§ WHAT IS EXPECTED
Every record below is to be copied exactly, with its images omitted.

§ AVAILABLE DATA
_____
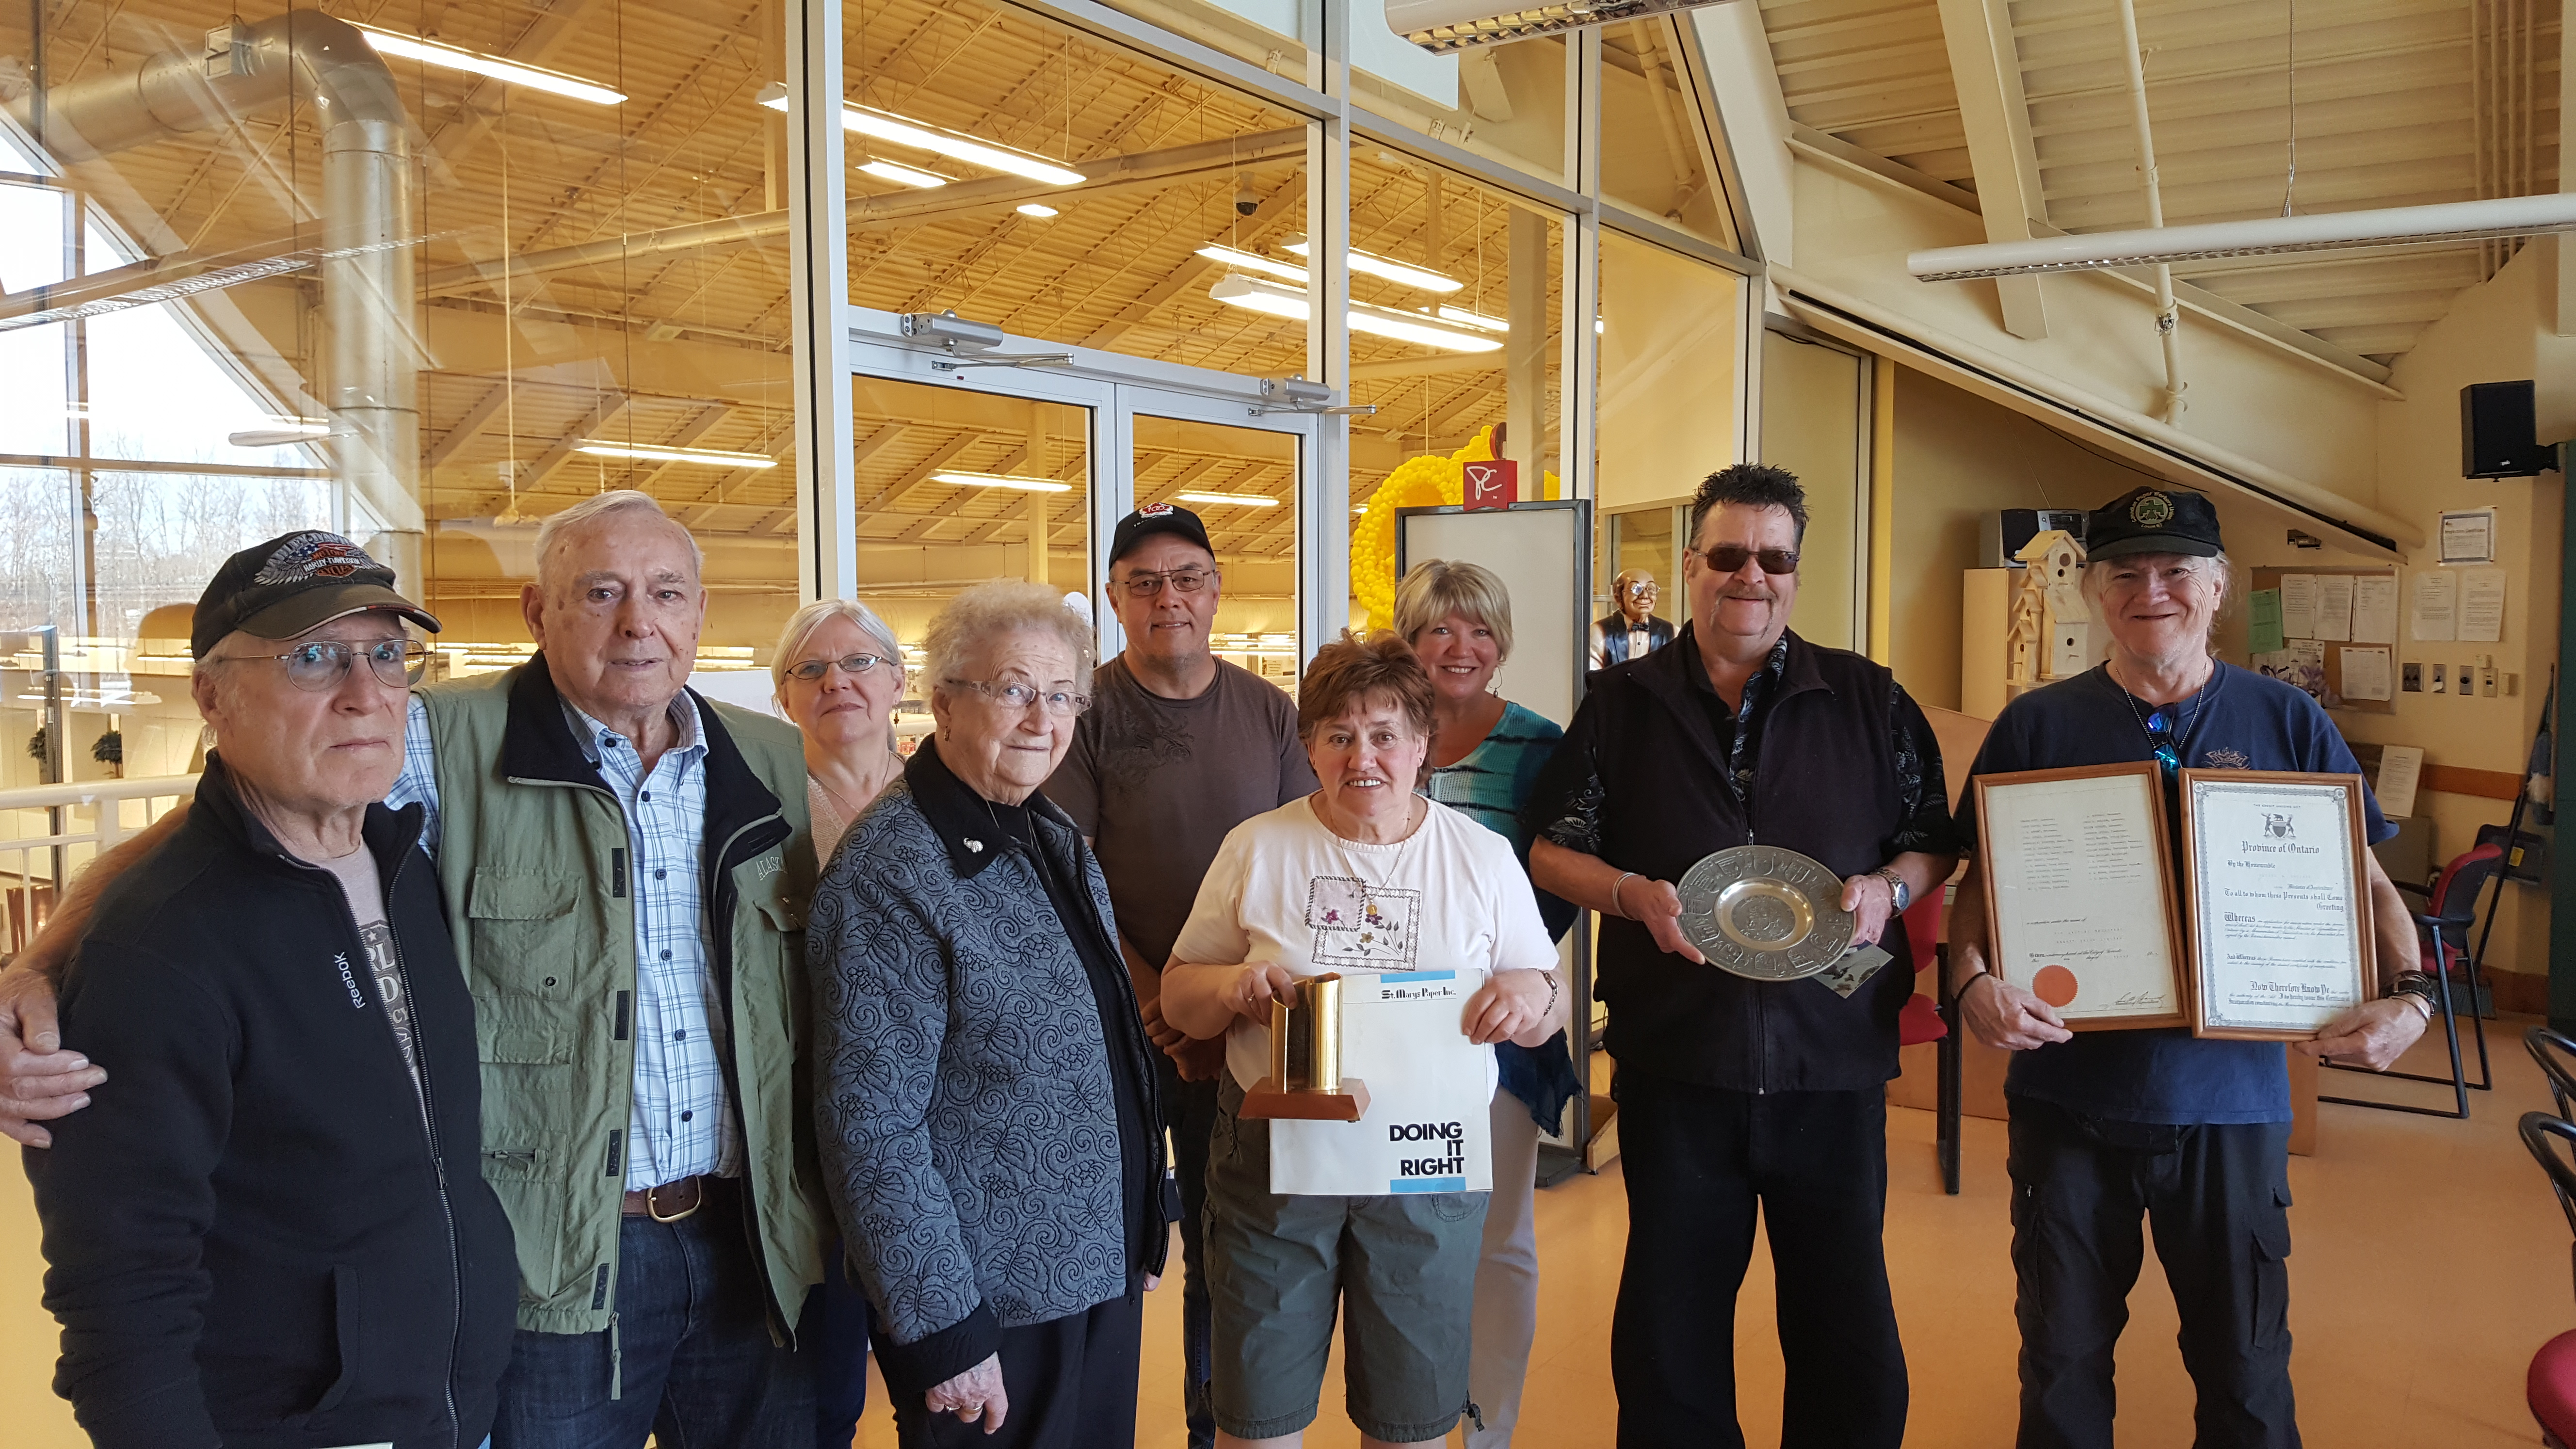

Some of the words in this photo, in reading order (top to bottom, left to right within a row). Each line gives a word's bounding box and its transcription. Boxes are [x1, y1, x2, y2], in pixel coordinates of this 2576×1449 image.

[302, 557, 361, 573] HARLEY-DAVIDSON
[2242, 841, 2276, 853] Province
[2278, 843, 2286, 853] of
[2288, 843, 2319, 854] Ontario
[2224, 888, 2233, 896] To
[2283, 891, 2309, 900] Presents
[2317, 902, 2344, 913] Greeting
[2224, 911, 2255, 922] Whereas
[334, 951, 366, 1009] Reebok
[1382, 990, 1396, 999] St.
[1422, 987, 1443, 999] Paper
[1443, 986, 1456, 996] Inc.
[2250, 981, 2268, 991] Now
[2268, 981, 2300, 992] Therefore
[2300, 983, 2320, 993] Know
[1389, 1122, 1463, 1142] DOING
[1447, 1139, 1464, 1156] IT
[1401, 1157, 1465, 1176] RIGHT
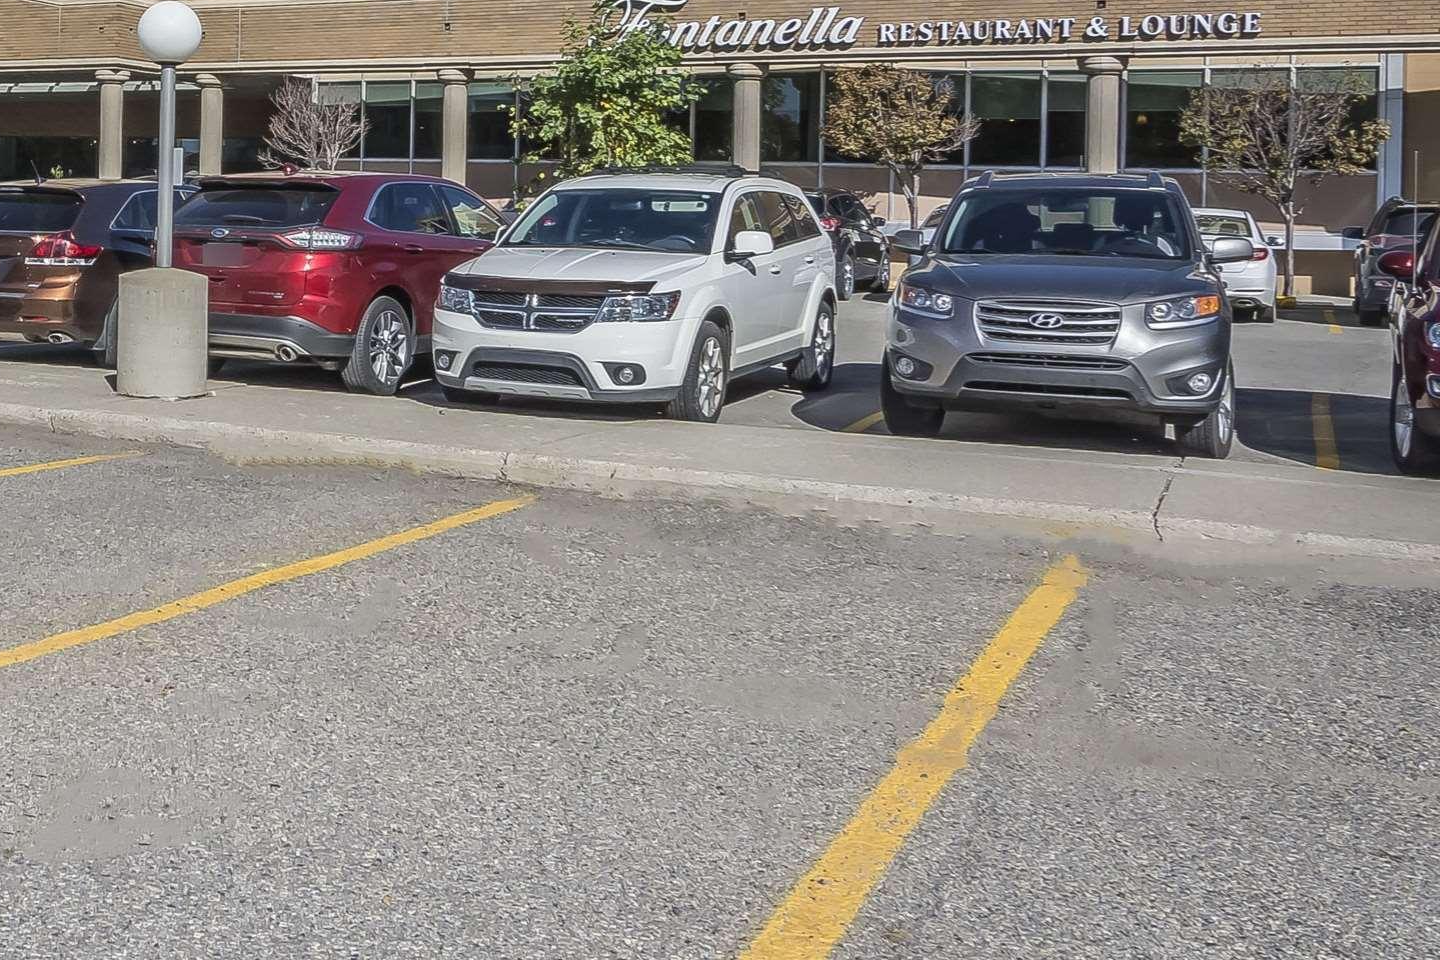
_____
§ SOLUTION
Some of the words in this photo, in reading order (top to bottom, left to right within a row). Each line gives a word's bounding box and its transcription. Boxes are [x1, y1, x2, y2], in pixel coordinates of this 2576×1449 image.

[302, 557, 361, 573] HARLEY-DAVIDSON
[2242, 841, 2276, 853] Province
[2278, 843, 2286, 853] of
[2288, 843, 2319, 854] Ontario
[2224, 888, 2233, 896] To
[2283, 891, 2309, 900] Presents
[2317, 902, 2344, 913] Greeting
[2224, 911, 2255, 922] Whereas
[334, 951, 366, 1009] Reebok
[1382, 990, 1396, 999] St.
[1422, 987, 1443, 999] Paper
[1443, 986, 1456, 996] Inc.
[2250, 981, 2268, 991] Now
[2268, 981, 2300, 992] Therefore
[2300, 983, 2320, 993] Know
[1389, 1122, 1463, 1142] DOING
[1447, 1139, 1464, 1156] IT
[1401, 1157, 1465, 1176] RIGHT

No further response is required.